━━ AVAILABLE DATA ━━

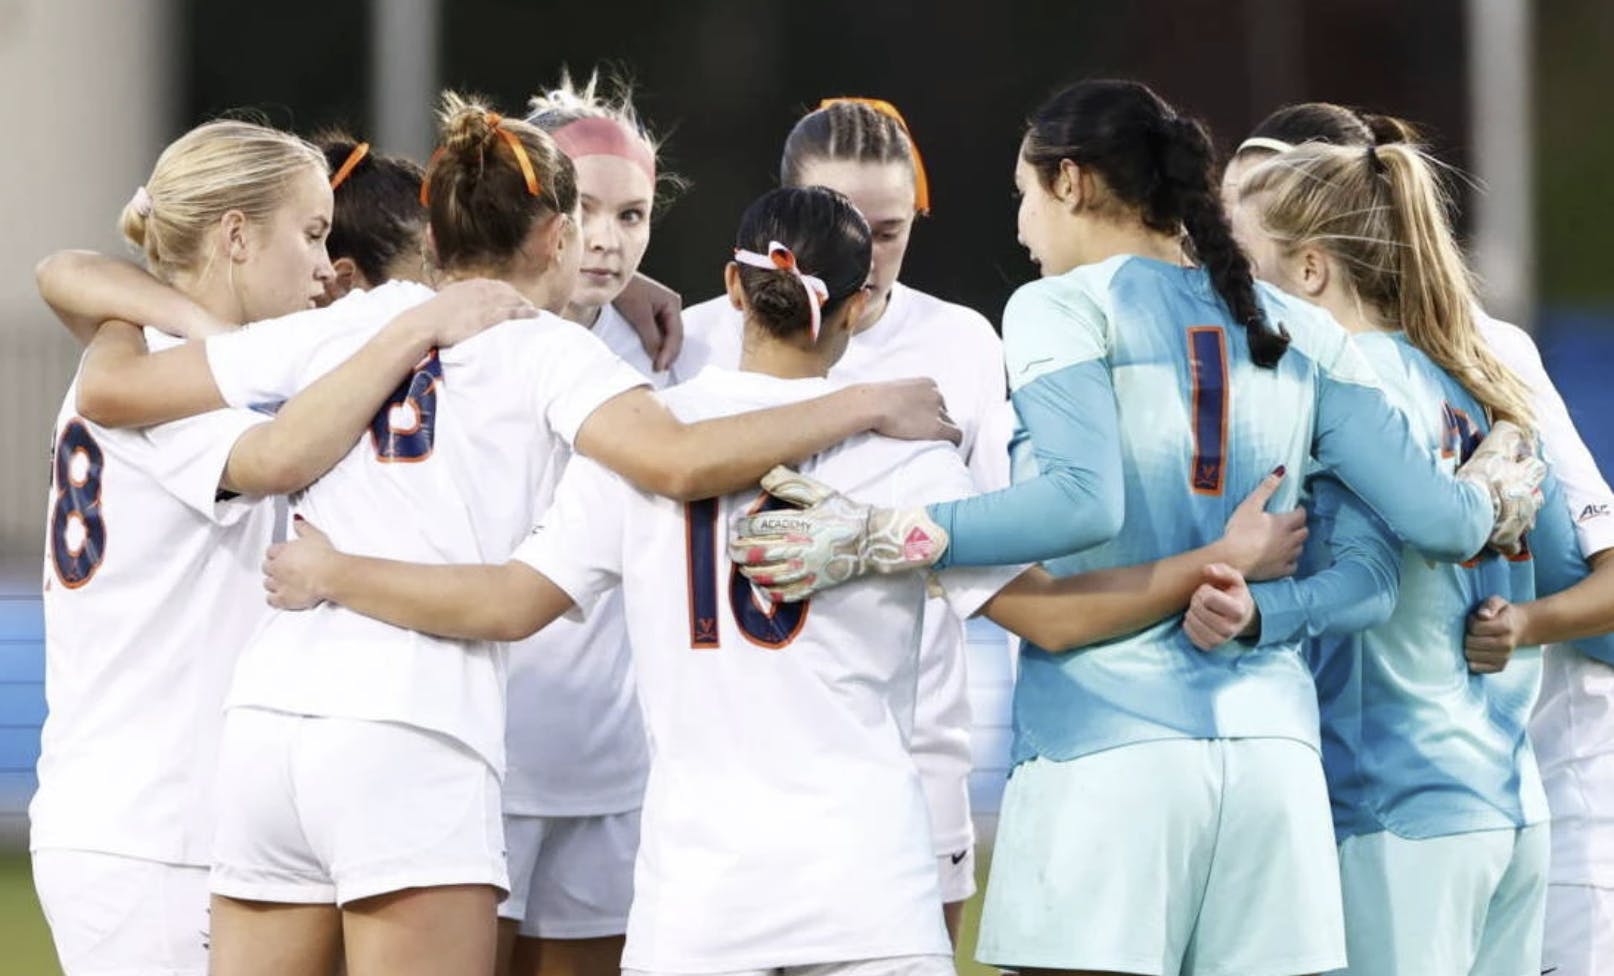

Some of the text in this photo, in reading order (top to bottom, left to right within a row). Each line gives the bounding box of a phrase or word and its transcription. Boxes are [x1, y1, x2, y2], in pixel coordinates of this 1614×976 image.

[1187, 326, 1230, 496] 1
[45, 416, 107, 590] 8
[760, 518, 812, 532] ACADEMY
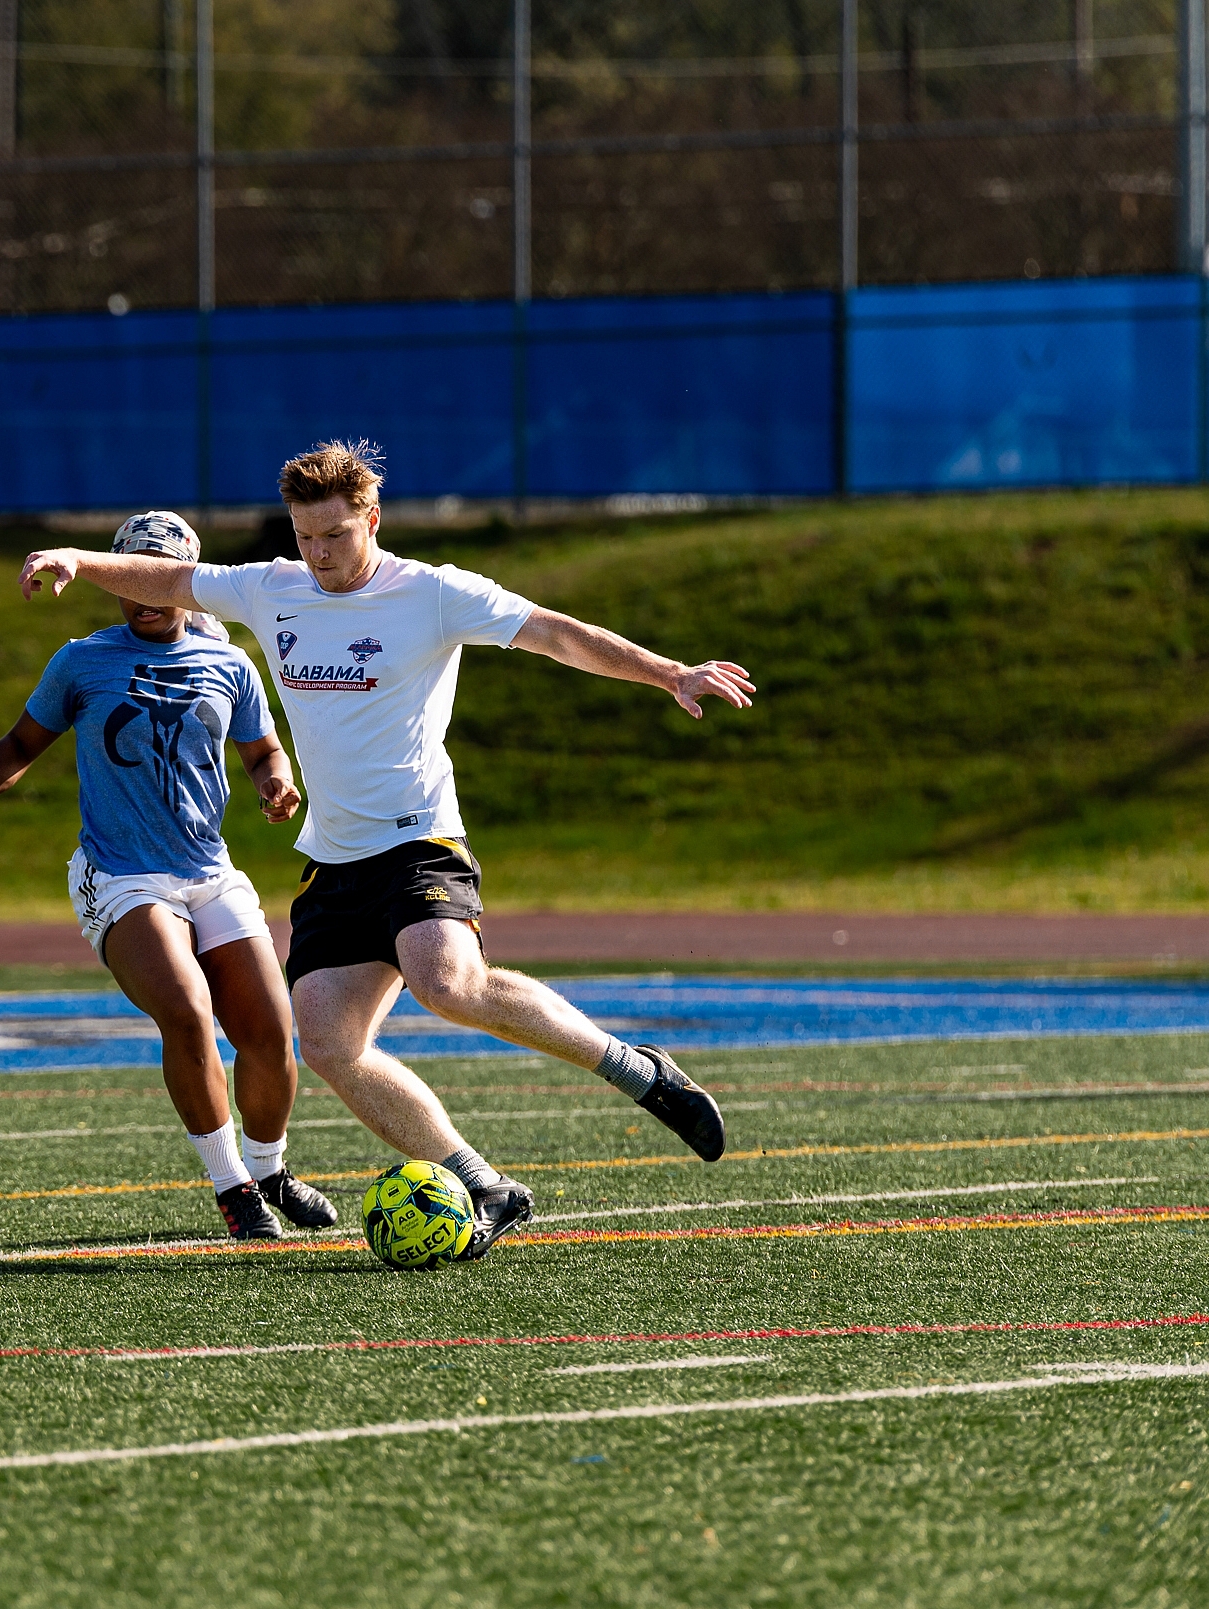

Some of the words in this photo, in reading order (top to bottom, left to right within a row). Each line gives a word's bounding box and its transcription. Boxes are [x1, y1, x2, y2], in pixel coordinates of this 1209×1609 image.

━━━

Once the pictures are set aside, please reproduce the remaining material word for word.

**RESPONSE:**
Some of the text in this photo, in reading order (top to bottom, left to right within a row). Each line gives the bounding box of a phrase or word and its transcription. Boxes are [x1, y1, x2, y2], in pixel coordinates of this 1614×976 image.

[1187, 326, 1230, 496] 1
[45, 416, 107, 590] 8
[760, 518, 812, 532] ACADEMY

Some of the words in this photo, in reading order (top to bottom, left to right within a row). Each line gives a word's bounding box and its transcription. Boxes are [x1, y1, x2, y2], in pixel coordinates of this 1209×1609 image.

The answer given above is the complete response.